= Task objective =
Exactly as written, please set down all of the entries again, with no pictures.

%%

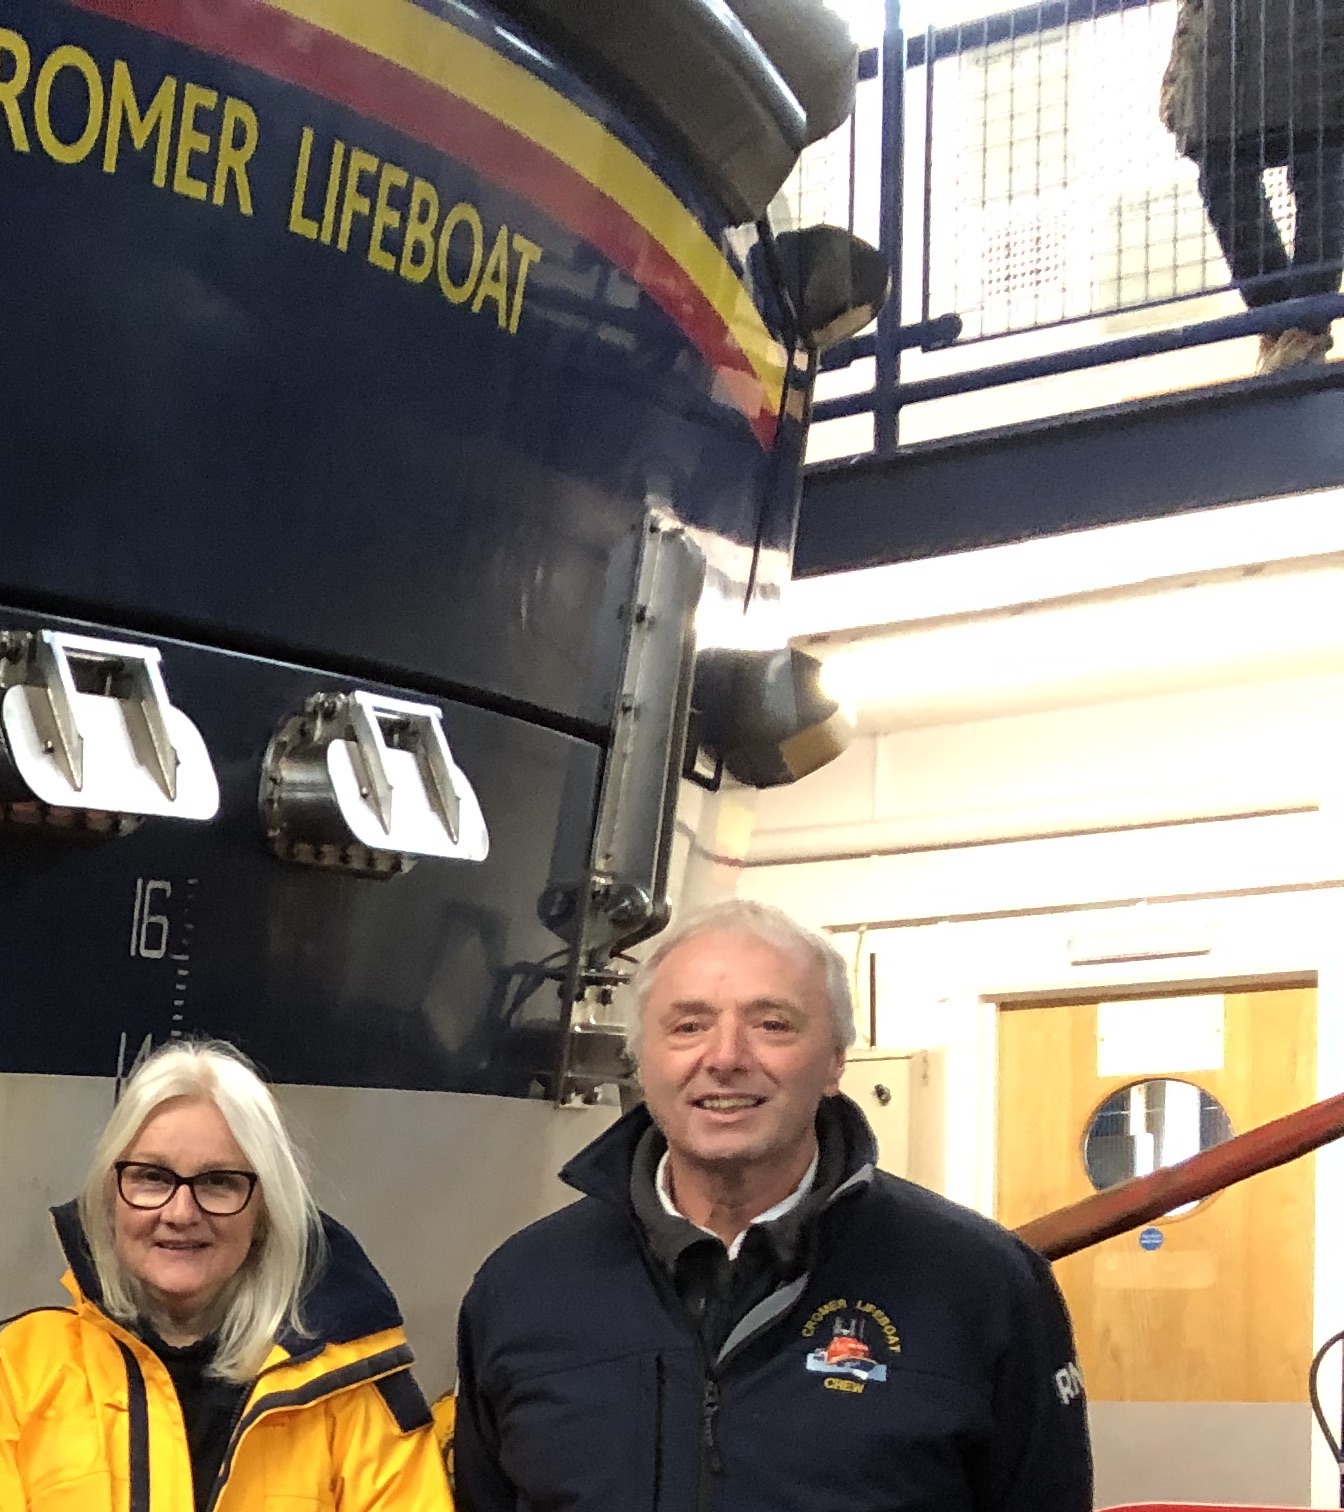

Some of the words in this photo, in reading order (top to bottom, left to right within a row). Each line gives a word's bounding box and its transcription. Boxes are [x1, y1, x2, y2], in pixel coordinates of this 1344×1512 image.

[288, 126, 543, 335] LIFEBOAT
[130, 876, 172, 960] 16
[801, 1298, 848, 1338] CROMER
[855, 1299, 902, 1353] LIFEBOAT
[823, 1376, 866, 1394] CREW
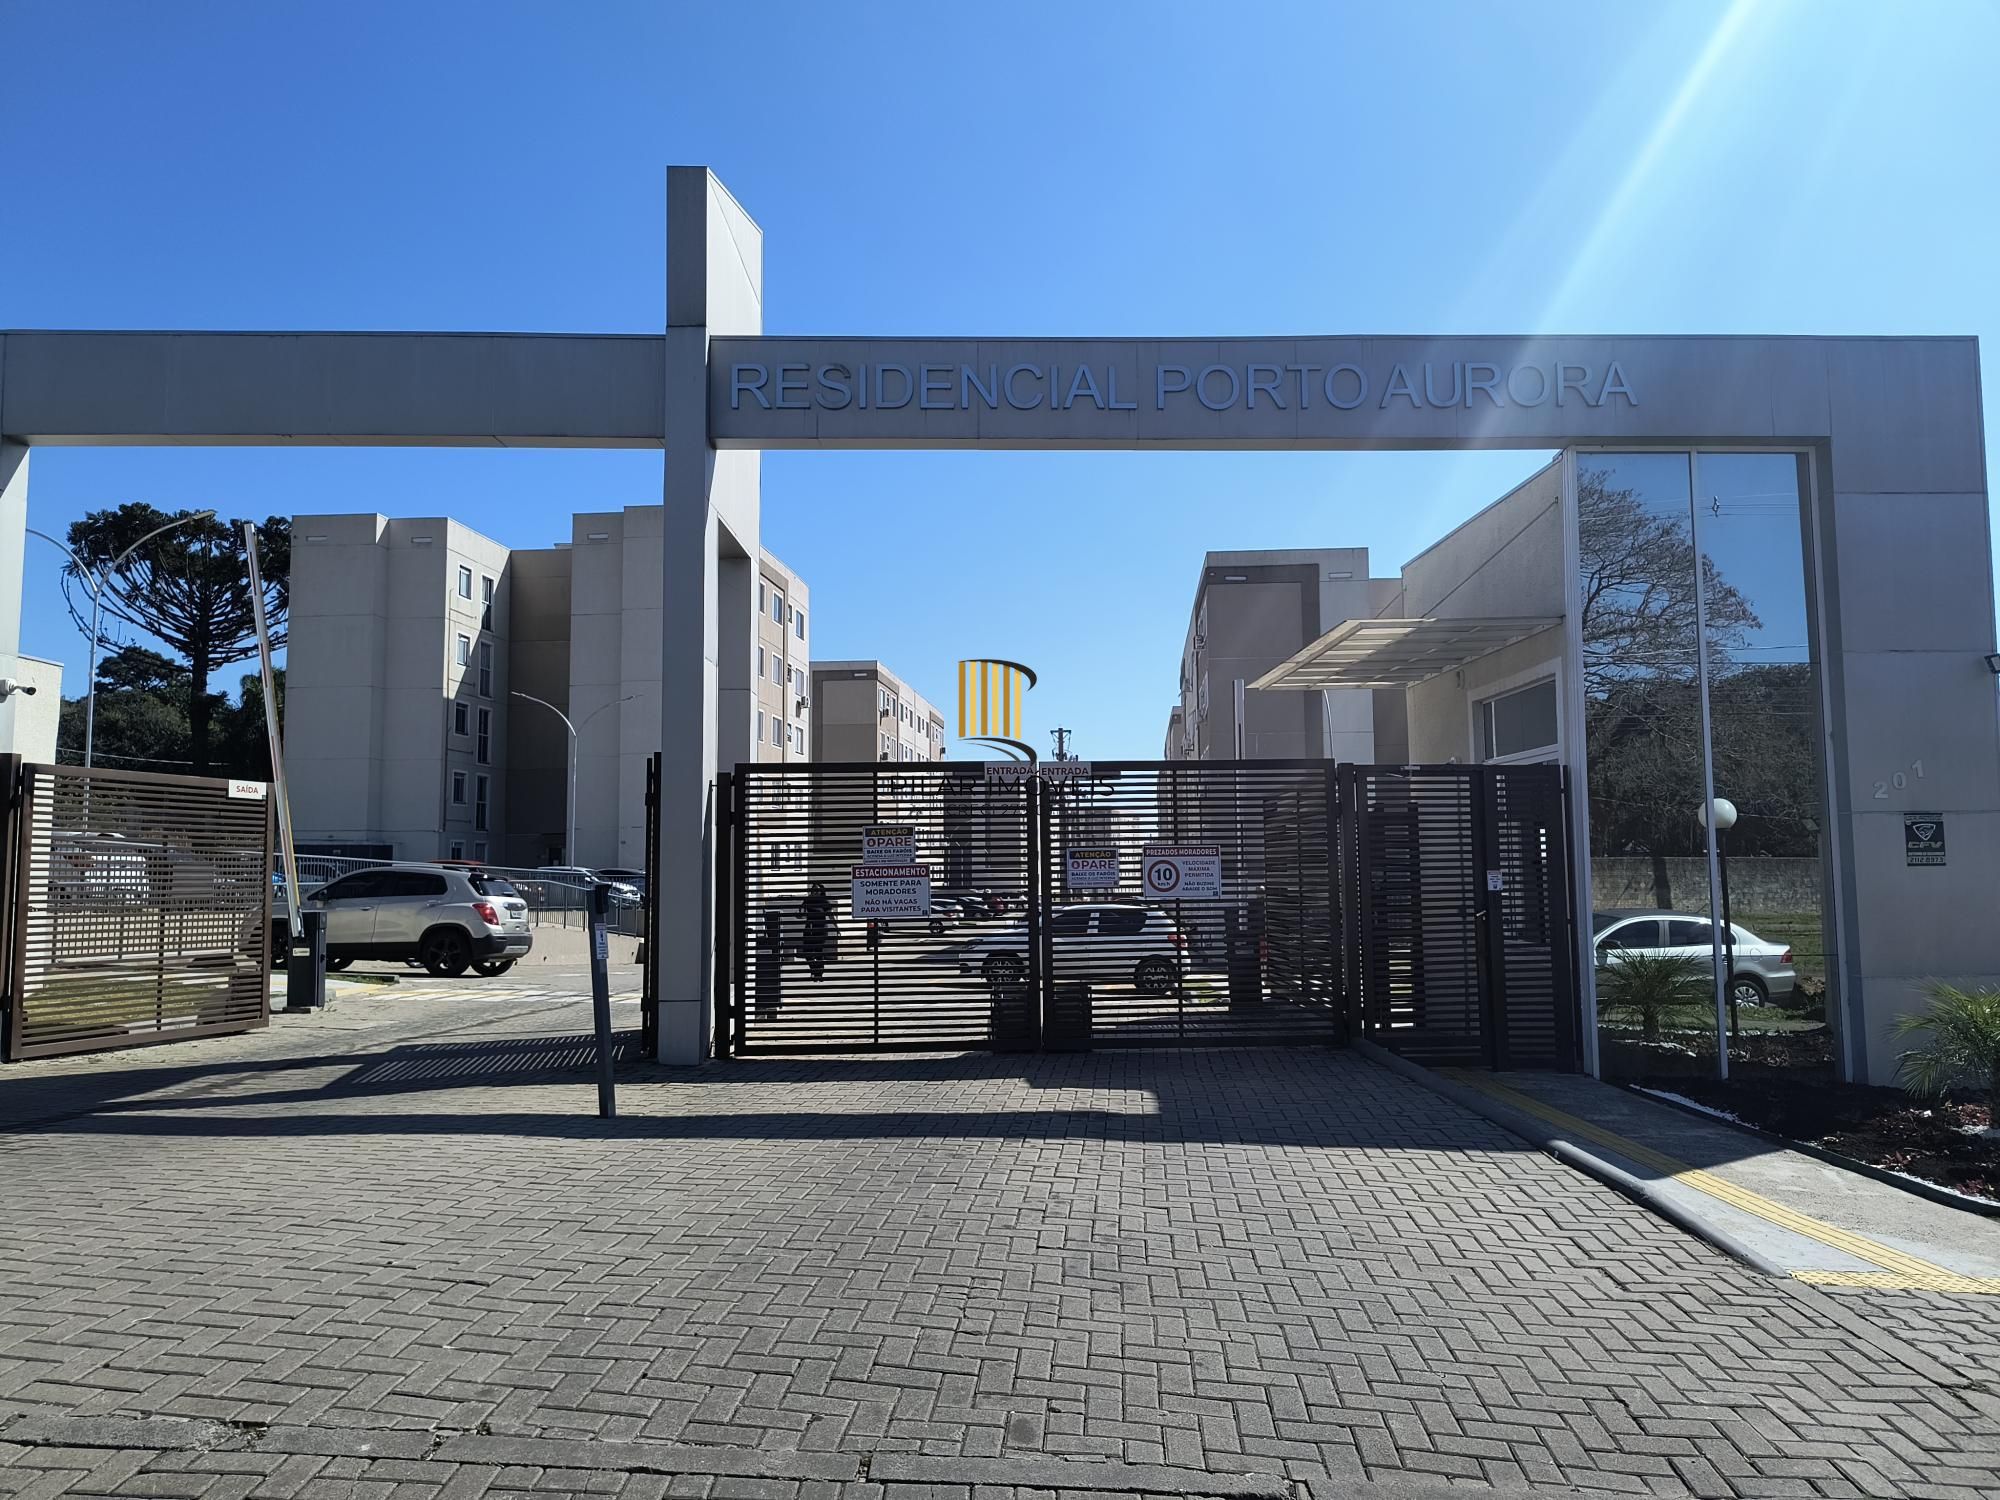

%%

= Written response =
Some of the words in this photo, in reading order (top to bottom, left to right within a row). Each line gives a word's bounding box and its transcription. Boxes are [x1, y1, x2, y2], in pixel coordinates of this 1344×1512 image.

[288, 126, 543, 335] LIFEBOAT
[130, 876, 172, 960] 16
[801, 1298, 848, 1338] CROMER
[855, 1299, 902, 1353] LIFEBOAT
[823, 1376, 866, 1394] CREW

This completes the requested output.